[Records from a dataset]
· · ·

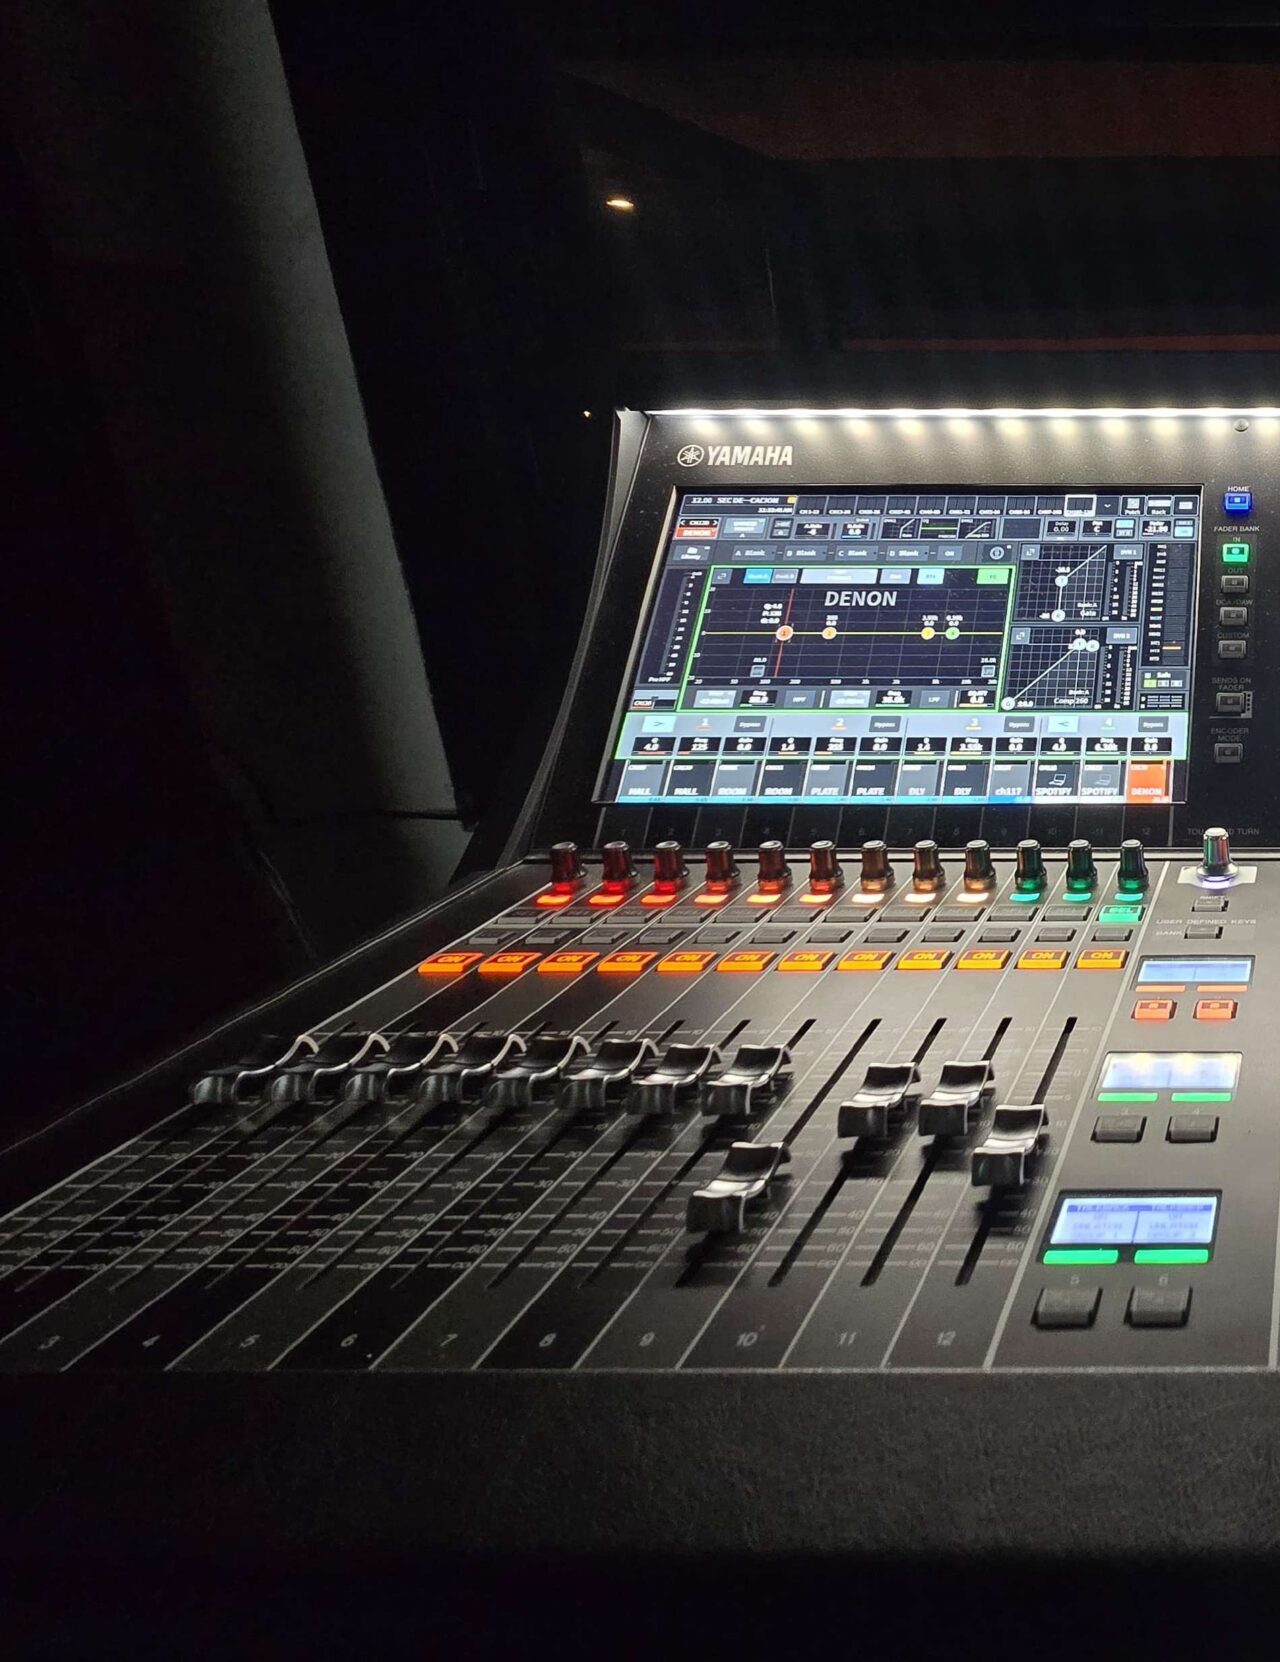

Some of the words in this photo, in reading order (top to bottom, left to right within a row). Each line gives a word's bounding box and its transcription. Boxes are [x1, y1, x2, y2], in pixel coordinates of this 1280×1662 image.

[707, 446, 793, 466] YAMAHA
[824, 591, 897, 606] DENON
[811, 787, 839, 795] PLATE
[856, 787, 885, 795] PLATE
[1035, 787, 1072, 796] SPOTIFY
[1081, 787, 1118, 796] SPOTIFY
[438, 955, 463, 963] ON
[497, 955, 523, 963] ON
[557, 955, 580, 963] ON
[616, 954, 641, 962] ON
[676, 954, 699, 962] ON
[735, 953, 759, 961] ON
[794, 952, 818, 961] ON
[853, 952, 877, 961] ON
[913, 952, 937, 960] ON
[972, 952, 996, 960] ON
[1032, 951, 1055, 960] ON
[1091, 951, 1114, 960] ON
[340, 1334, 358, 1347] 6
[639, 1333, 655, 1346] 9
[736, 1333, 758, 1346] 10
[838, 1332, 856, 1345] 11
[937, 1331, 956, 1346] 12
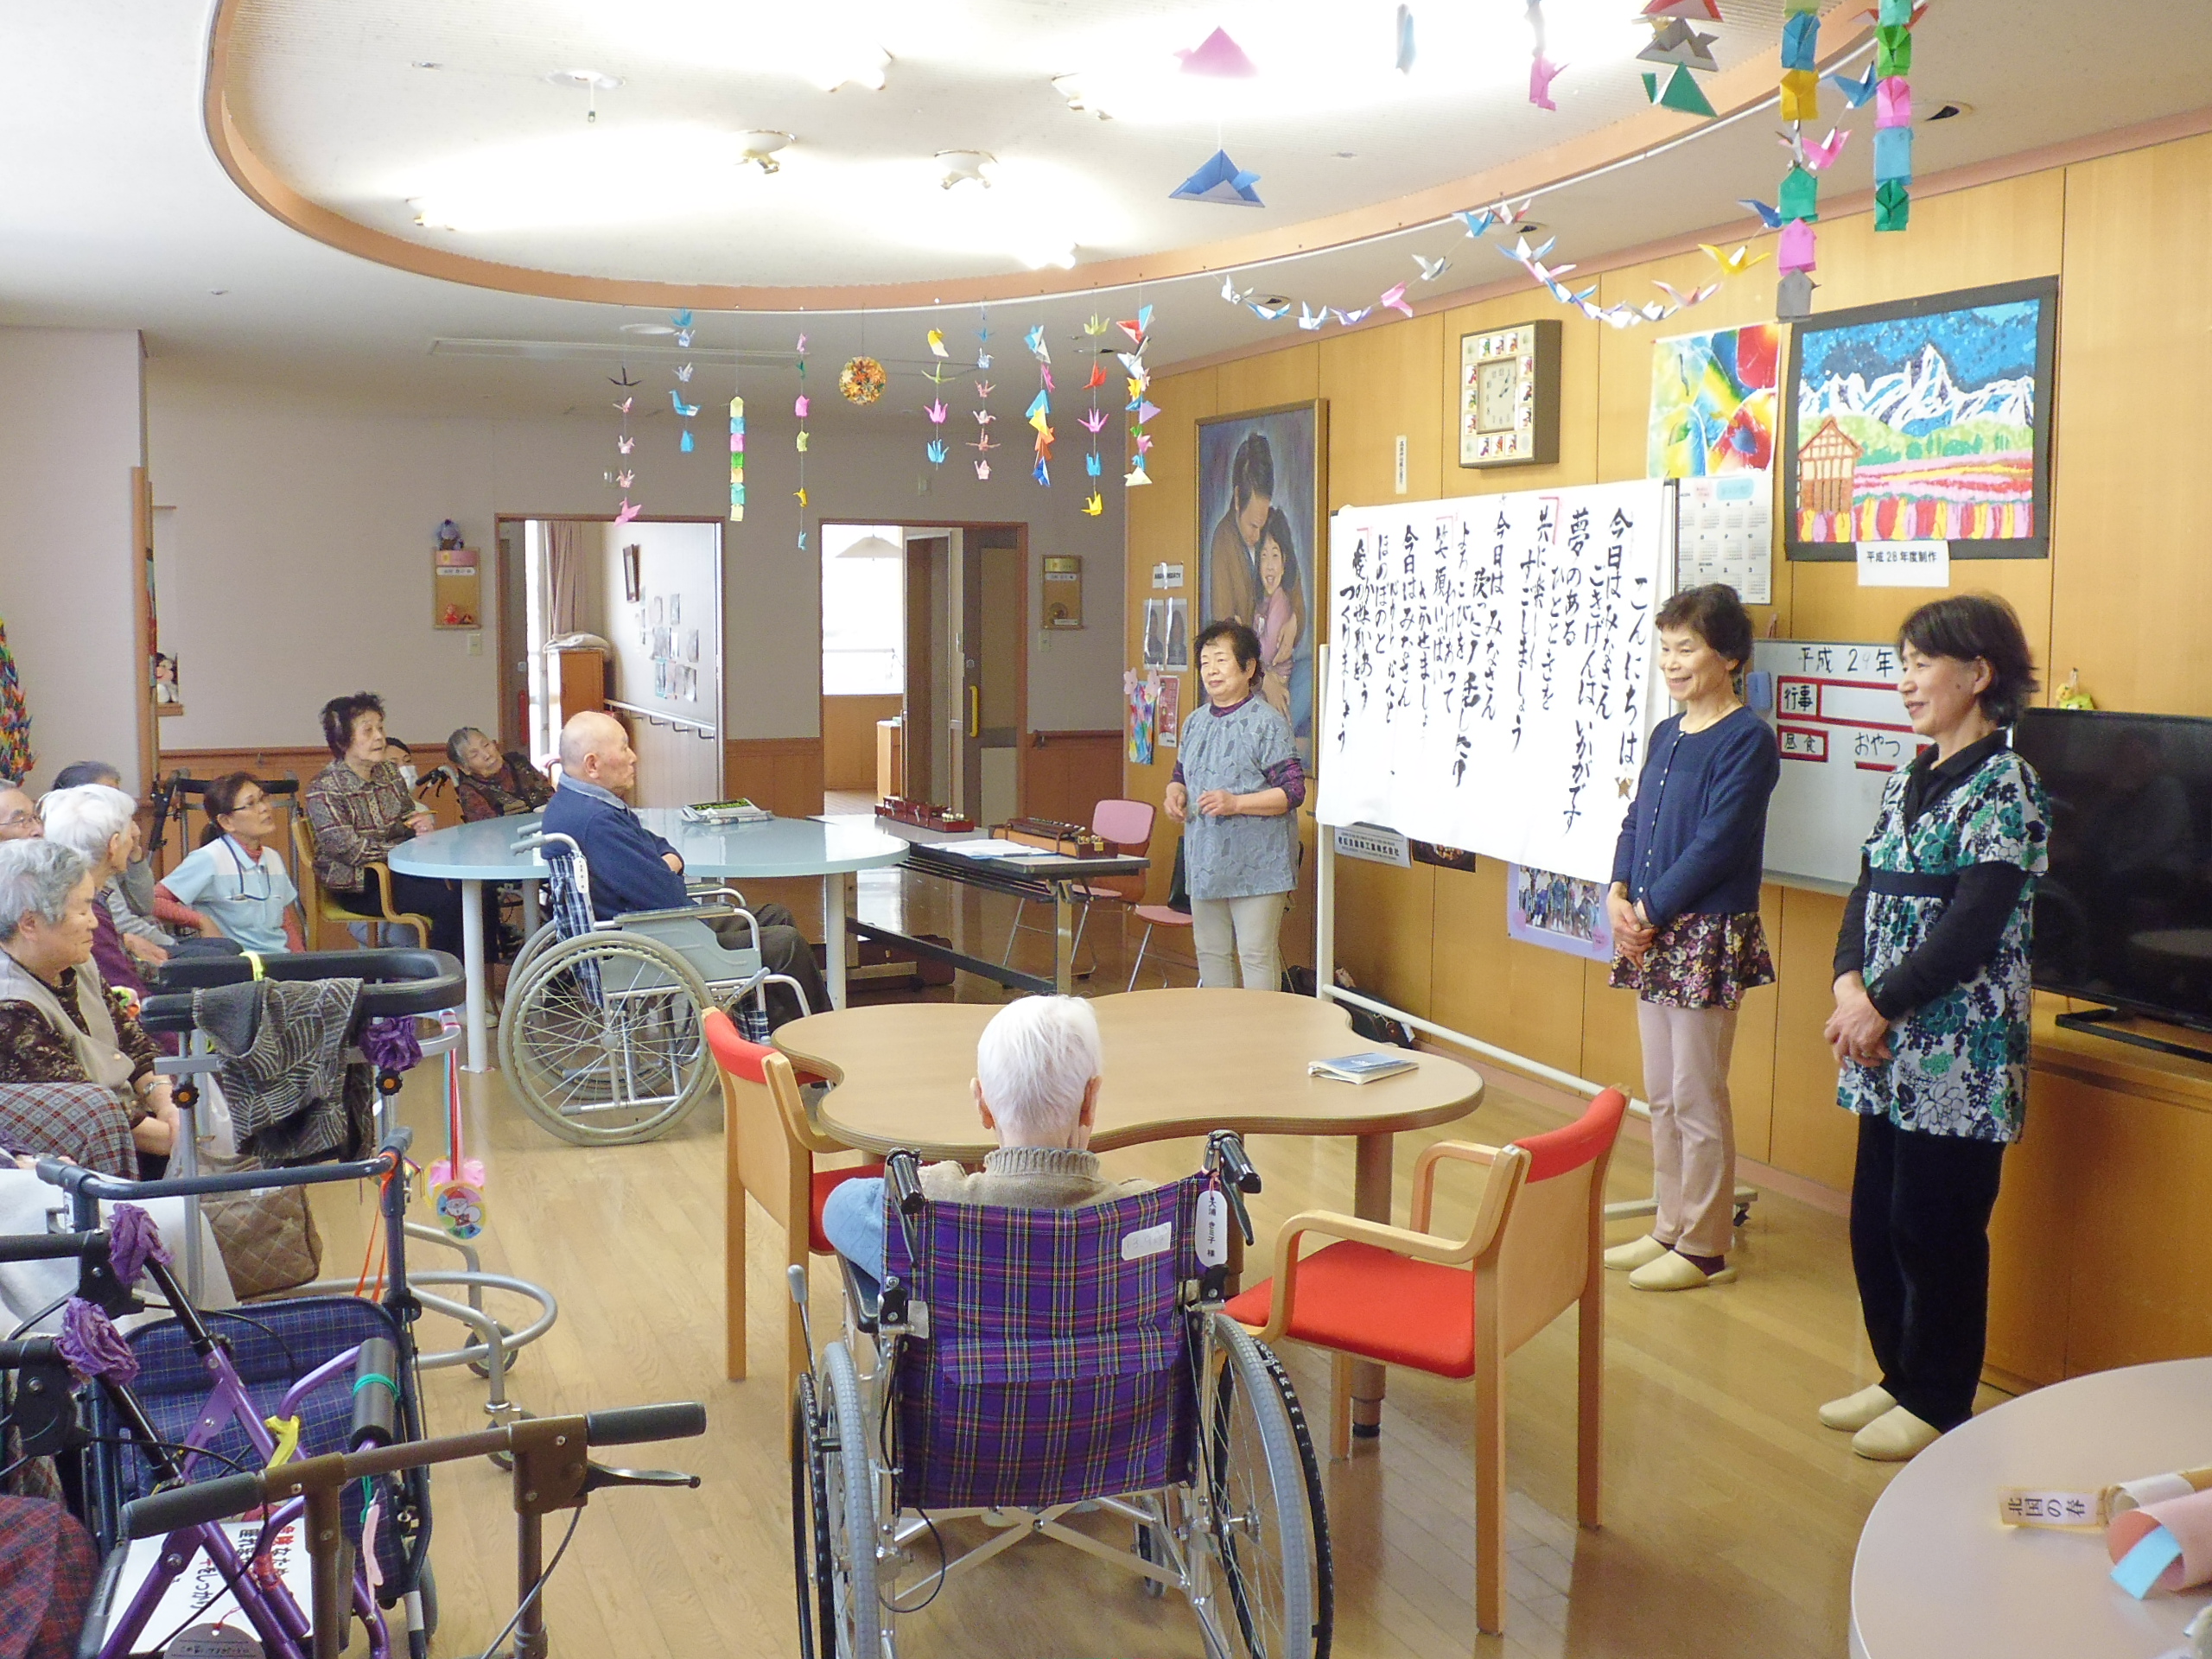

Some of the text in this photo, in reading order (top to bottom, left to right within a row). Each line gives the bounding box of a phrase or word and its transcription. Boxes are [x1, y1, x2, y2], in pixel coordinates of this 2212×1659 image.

[1375, 533, 1389, 654] ほのぼのと
[1455, 520, 1471, 660] よろこびを
[1563, 506, 1591, 646] 夢のある
[1338, 583, 1356, 753] つくりましょう
[1442, 578, 1457, 715] わけあって
[1512, 549, 1536, 753] すごしましょう
[1618, 576, 1649, 766] こんにちは
[1783, 685, 1814, 712] 行事
[1798, 646, 1833, 673] 平成
[1783, 734, 1817, 754] 昼食
[1854, 731, 1901, 759] おやつ
[2007, 1497, 2086, 1518] 北国の春

· · ·

• _EXERCISE_
Give back, word for word, the lines from the one with "Some of the text" through the last line of the entries, both included, and no other line.

• _TASK OUTPUT_
Some of the text in this photo, in reading order (top to bottom, left to right within a row). Each line gives the bounding box of a phrase or word and its transcription. Boxes are [x1, y1, x2, y2], in pixel coordinates of this 2212×1659 image.

[1375, 533, 1389, 654] ほのぼのと
[1455, 520, 1471, 660] よろこびを
[1563, 506, 1591, 646] 夢のある
[1338, 583, 1356, 753] つくりましょう
[1442, 578, 1457, 715] わけあって
[1512, 549, 1536, 753] すごしましょう
[1618, 576, 1649, 766] こんにちは
[1783, 685, 1814, 712] 行事
[1798, 646, 1833, 673] 平成
[1783, 734, 1817, 754] 昼食
[1854, 731, 1901, 759] おやつ
[2007, 1497, 2086, 1518] 北国の春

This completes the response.